**Entries provided**
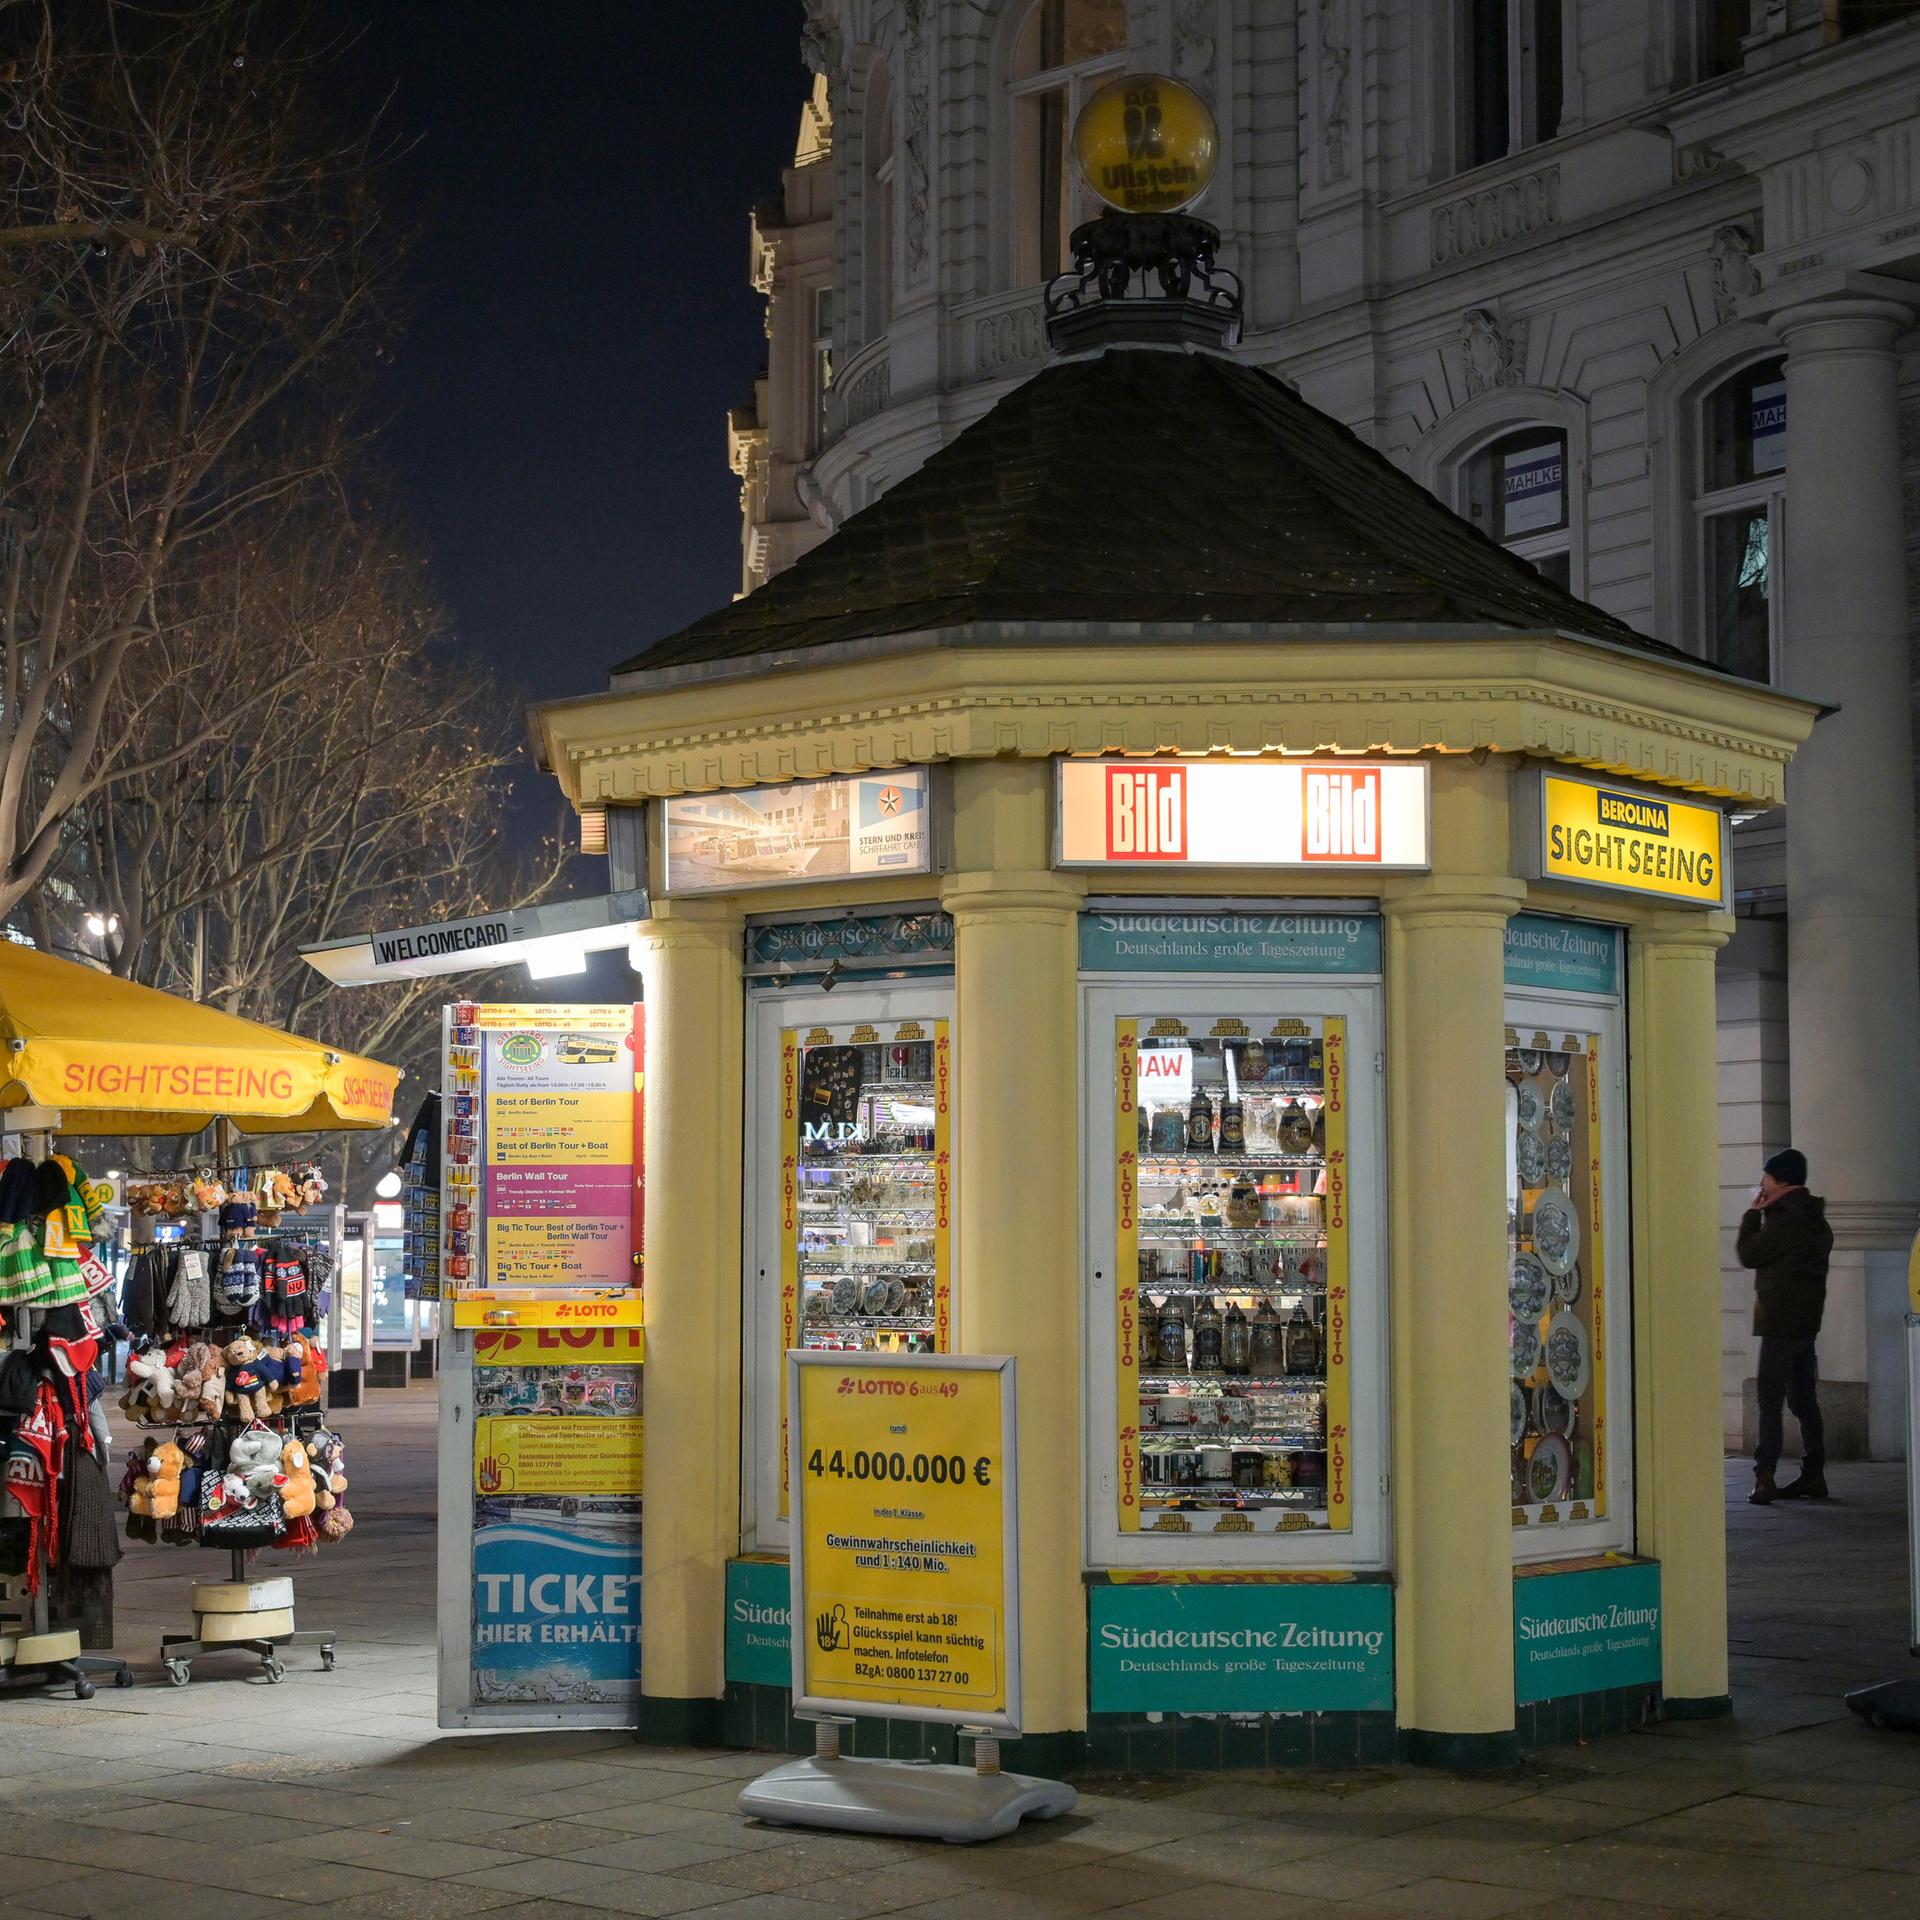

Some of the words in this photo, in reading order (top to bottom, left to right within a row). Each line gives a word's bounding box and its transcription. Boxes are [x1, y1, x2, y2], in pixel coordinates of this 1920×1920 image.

[1102, 158, 1198, 190] Ullstein
[1753, 405, 1787, 428] MAH
[1506, 466, 1561, 492] MAHLKE
[1112, 773, 1182, 854] Bild
[1307, 774, 1376, 855] Bild
[1601, 798, 1668, 831] BEROLINA
[859, 836, 883, 846] STERN
[885, 834, 902, 843] UND
[1550, 824, 1714, 887] SIGHTSEEING
[380, 923, 508, 963] WELCOMECARD
[1115, 940, 1209, 955] Deutschlands
[1258, 942, 1345, 958] Tageszeitung
[1561, 929, 1609, 965] Zeitung
[1148, 1026, 1189, 1036] JACKPOT
[1210, 1026, 1250, 1036] JACKPOT
[1270, 1026, 1311, 1036] JACKPOT
[497, 1057, 546, 1073] SIGHTSEEING
[63, 1063, 293, 1100] SIGHTSEEING
[785, 1062, 793, 1120] LOTTO
[939, 1055, 948, 1115] LOTTO
[1121, 1053, 1132, 1113] LOTTO
[1329, 1052, 1341, 1113] LOTTO
[496, 1098, 517, 1106] Best
[519, 1098, 529, 1106] of
[530, 1098, 556, 1106] Berlin
[559, 1098, 579, 1106] Tour
[496, 1142, 517, 1150] Best
[519, 1142, 529, 1150] of
[530, 1142, 556, 1150] Berlin
[559, 1142, 579, 1150] Tour
[587, 1142, 609, 1150] Boat
[496, 1173, 523, 1181] Berlin
[525, 1173, 545, 1181] Wall
[547, 1173, 568, 1181] Tour
[785, 1173, 793, 1230] LOTTO
[939, 1170, 948, 1229] LOTTO
[1121, 1169, 1132, 1230] LOTTO
[1332, 1168, 1343, 1229] LOTTO
[497, 1223, 510, 1233] Big
[511, 1223, 524, 1231] Tic
[525, 1223, 545, 1231] Tour:
[546, 1223, 564, 1231] Best
[566, 1223, 574, 1231] of
[575, 1223, 598, 1231] Berlin
[600, 1223, 617, 1231] Tour
[547, 1232, 569, 1240] Berlin
[571, 1232, 589, 1240] Wall
[590, 1232, 608, 1240] Tour
[497, 1262, 512, 1272] Big
[515, 1262, 527, 1270] Tic
[529, 1262, 551, 1270] Tour
[561, 1262, 582, 1270] Boat
[574, 1305, 618, 1317] LOTTO
[1122, 1305, 1133, 1367] LOTTO
[1332, 1304, 1344, 1365] LOTTO
[858, 1379, 906, 1395] LOTTO
[808, 1449, 966, 1485] 44.000.000
[973, 1457, 991, 1486] €
[1123, 1444, 1134, 1506] LOTTO
[1333, 1443, 1345, 1505] LOTTO
[826, 1533, 976, 1556] Gewinnwahrscheinlichkeit
[855, 1554, 880, 1567] rund
[923, 1558, 948, 1572] Mio.
[733, 1599, 792, 1625] Südde
[854, 1606, 903, 1622] Teilnahme
[905, 1613, 925, 1624] erst
[927, 1613, 939, 1625] ab
[941, 1614, 958, 1627] 18!
[1519, 1613, 1608, 1640] Süddeutsche
[1608, 1604, 1658, 1631] Zeitung
[477, 1624, 532, 1643] HIER
[747, 1633, 792, 1648] Deutsch
[853, 1626, 913, 1643] Glücksspiel
[916, 1631, 942, 1644] kann
[945, 1634, 985, 1650] süchtig
[1100, 1623, 1277, 1649] Süddeutsche
[1279, 1622, 1384, 1655] Zeitung
[854, 1646, 893, 1660] machen.
[896, 1648, 949, 1663] Infotelefon
[1530, 1644, 1581, 1662] Deutschlands
[1605, 1636, 1650, 1653] Tageszeitung
[855, 1663, 885, 1679] BZgA:
[886, 1666, 916, 1680] 0800
[954, 1672, 969, 1684] 00
[1120, 1659, 1219, 1672] Deutschlands
[1225, 1659, 1266, 1673] große
[1272, 1658, 1366, 1673] Tageszeitung
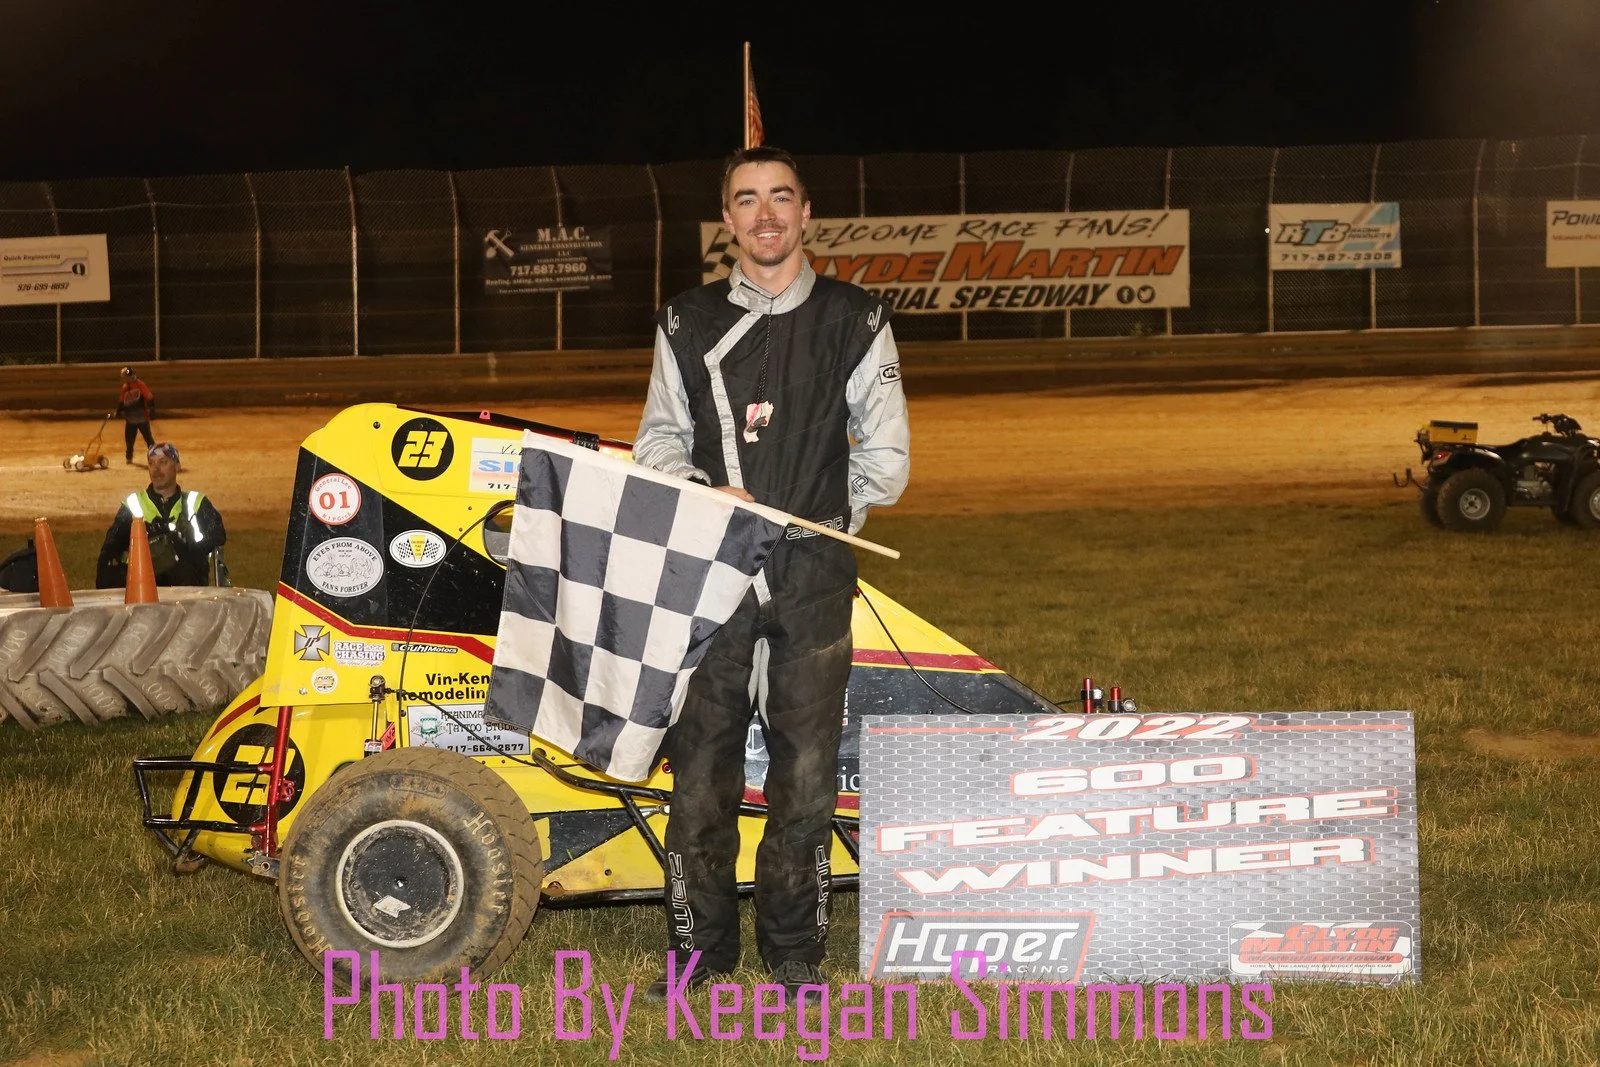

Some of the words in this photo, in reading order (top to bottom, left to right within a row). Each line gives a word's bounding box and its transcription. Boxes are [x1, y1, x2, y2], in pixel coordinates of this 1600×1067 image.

[537, 226, 590, 242] M.A.C.
[956, 218, 1048, 241] RACE
[1055, 212, 1170, 240] FANS!
[802, 249, 946, 285] LYDE
[940, 240, 1186, 282] MARTIN
[866, 287, 943, 312] ORIAL
[950, 283, 1111, 309] SPEEDWAY
[397, 430, 448, 468] 23
[479, 459, 521, 473] SI
[319, 491, 351, 510] 01
[313, 546, 331, 562] EYES
[332, 541, 353, 550] FROM
[355, 544, 378, 562] ABOVE
[340, 581, 369, 593] FOREVER
[334, 642, 365, 652] RACE
[335, 651, 386, 661] CHASING
[426, 672, 490, 686] Vin-Ken
[396, 687, 487, 702] Remodelin
[441, 710, 484, 721] REANIMA
[1015, 715, 1254, 741] 2022
[1011, 756, 1254, 798] 600
[878, 789, 1397, 856] FEATURE
[897, 837, 1373, 896] WINNER
[1284, 924, 1400, 942] CLYDE
[1239, 937, 1395, 953] MARTIN
[986, 965, 1071, 974] RACING

**Work task**
Would you please filter the lines above and copy every one that includes "this"?

**Response to the exercise**
Some of the words in this photo, in reading order (top to bottom, left to right within a row). Each line gives a word's bounding box and its transcription. Boxes are [x1, y1, x2, y2], in pixel coordinates of this 1920×1920 image.
Some of the words in this photo, in reading order (top to bottom, left to right within a row). Each line gives a word's bounding box and its transcription. Boxes are [x1, y1, x2, y2], in pixel coordinates of this 1600×1067 image.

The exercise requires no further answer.